Sometimes in our applications, we need to change the flow of execution. Suppose we have a "wizard" inside our application, the user should not be able to go back to the different steps of the "wizard" as (s)he moves forward. In order to accomplish this, GeneXus provides a variety of events to manage the application flow, among which is the Back event.
Back event is a system event which defines an action to be performed when the back button is pressed. It is commonly used to change back button behavior or prompt a confirm dialog before calling the previous panel.
- In iOS, the body of the Back event is restricted to:
1) Leaving it empty for disabling the back button.
2) Filling it with the Return command only (available as of GeneXus 15 Upgrade 5).
The reason for this limitation is that Apple does not allow the developer to change the default behavior of a back action (e.g. display a message after back).
- In iOS, when a UI object is called with CallOption.Target = 'Blank', ensure that the object does not contain an action on the top-left side of the Application Bar (i.e. Position property = Custom (iOS) and top-left alignment) because in that place will be positioned the back button(1). If the developer situates a custom button in that place, the back button (and its swipe right gesture) will be disabled and it is the responsibility of the developer to implement the "back action" when it is desired.
(1) By default as of GeneXus 15 Upgrade 5, previous versions do not display such button.
Warning: All examples work as described in Android, but only examples 1) and 2) work in iOS (due to the limitations stated above).
1) Disable the back button.
2) Change the default behavior of the back action by using the return command.
3) Display a confirm dialog before canceling the action.
Confirm("Are you sure you want to return?")
4) Call a Panel for Smart Devices on Back.
- If you are trying to skip panels that had been already done on a wizard, it is recommended to use CallOptions.Type = Replace on the caller, instead of calling a panel on the back event. With that you optimize the usage of the application stack, replacing old panels with new ones when navigating through the application.

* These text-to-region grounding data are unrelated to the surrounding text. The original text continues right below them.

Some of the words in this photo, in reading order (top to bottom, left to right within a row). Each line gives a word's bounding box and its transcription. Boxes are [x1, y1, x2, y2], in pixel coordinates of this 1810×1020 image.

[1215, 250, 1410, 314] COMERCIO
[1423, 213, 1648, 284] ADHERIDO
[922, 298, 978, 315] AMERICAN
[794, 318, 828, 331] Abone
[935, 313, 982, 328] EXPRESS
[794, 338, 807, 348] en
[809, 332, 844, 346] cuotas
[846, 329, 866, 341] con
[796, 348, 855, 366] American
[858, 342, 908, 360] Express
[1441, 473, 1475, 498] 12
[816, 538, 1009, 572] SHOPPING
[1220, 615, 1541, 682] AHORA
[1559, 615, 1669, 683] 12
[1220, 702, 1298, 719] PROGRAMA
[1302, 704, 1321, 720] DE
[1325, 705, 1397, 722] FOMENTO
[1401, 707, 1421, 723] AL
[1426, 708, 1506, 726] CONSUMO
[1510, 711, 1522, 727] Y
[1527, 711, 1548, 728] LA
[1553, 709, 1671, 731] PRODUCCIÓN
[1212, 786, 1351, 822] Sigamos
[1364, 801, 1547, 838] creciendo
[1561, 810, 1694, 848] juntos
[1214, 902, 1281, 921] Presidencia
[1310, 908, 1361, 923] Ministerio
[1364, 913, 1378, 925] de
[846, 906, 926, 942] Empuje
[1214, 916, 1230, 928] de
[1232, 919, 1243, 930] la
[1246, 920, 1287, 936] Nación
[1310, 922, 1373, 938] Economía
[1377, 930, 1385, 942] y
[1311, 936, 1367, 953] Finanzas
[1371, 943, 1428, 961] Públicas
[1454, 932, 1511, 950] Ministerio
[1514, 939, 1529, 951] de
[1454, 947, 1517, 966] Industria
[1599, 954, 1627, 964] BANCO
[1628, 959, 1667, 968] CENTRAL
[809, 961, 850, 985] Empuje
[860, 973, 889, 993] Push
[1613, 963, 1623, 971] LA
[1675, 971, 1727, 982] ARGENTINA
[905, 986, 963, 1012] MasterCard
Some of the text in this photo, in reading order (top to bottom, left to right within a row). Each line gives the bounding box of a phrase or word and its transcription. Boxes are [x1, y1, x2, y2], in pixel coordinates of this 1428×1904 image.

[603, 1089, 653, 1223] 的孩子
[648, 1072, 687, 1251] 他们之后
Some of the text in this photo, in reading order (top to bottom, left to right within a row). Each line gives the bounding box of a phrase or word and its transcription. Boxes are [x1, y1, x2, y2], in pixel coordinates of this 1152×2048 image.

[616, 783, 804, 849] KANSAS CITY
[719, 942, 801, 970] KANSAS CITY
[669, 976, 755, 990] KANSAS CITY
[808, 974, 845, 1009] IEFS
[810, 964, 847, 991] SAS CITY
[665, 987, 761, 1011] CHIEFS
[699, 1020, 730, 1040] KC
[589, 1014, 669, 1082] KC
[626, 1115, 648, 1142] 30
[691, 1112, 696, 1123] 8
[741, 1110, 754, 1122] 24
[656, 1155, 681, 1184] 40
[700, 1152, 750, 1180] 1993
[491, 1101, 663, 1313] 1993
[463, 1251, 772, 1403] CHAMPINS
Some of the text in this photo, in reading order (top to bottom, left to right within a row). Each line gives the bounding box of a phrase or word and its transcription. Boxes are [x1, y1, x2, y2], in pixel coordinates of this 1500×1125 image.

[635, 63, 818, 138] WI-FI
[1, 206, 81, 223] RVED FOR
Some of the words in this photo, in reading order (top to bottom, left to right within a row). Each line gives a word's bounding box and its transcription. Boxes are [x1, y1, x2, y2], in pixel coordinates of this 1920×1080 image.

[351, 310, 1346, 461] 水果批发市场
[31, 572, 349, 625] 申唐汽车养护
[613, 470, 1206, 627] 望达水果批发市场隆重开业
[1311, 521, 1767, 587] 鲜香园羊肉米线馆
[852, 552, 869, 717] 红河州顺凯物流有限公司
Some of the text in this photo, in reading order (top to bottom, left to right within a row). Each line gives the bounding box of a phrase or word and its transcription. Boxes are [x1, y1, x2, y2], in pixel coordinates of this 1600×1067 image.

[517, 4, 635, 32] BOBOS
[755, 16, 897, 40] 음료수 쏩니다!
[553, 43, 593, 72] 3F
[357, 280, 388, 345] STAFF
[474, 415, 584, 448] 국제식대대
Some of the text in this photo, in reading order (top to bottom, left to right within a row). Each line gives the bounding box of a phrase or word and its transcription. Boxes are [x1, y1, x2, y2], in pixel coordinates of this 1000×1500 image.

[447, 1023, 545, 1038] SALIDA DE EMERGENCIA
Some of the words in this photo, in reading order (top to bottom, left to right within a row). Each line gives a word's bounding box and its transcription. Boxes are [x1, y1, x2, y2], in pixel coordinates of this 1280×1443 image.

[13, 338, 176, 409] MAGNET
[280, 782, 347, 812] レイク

- When the Back event is not implemented, on each platform it behaves by default as an execution of the SDActions.Cancel() method. In such case, the subsequent code of the caller object won't be executed.
- In contrast to the above point, if the Back event is implemented by using the Return command, the subsequent code of the caller object will be executed. For example, suppose we have two panels, A and B, and the panel A calls to the panel B as follows.
Event 'Call_B' //
// ... do something before calling B
msg("After calling B")
// ... do something else after calling B
If there is no Back event implemented on B or it is implemented by using the SDActions.Cancel() method, the message after the calling will not be executed. But if the Back event is implemented by using the Return command, the message will be displayed on the A panel.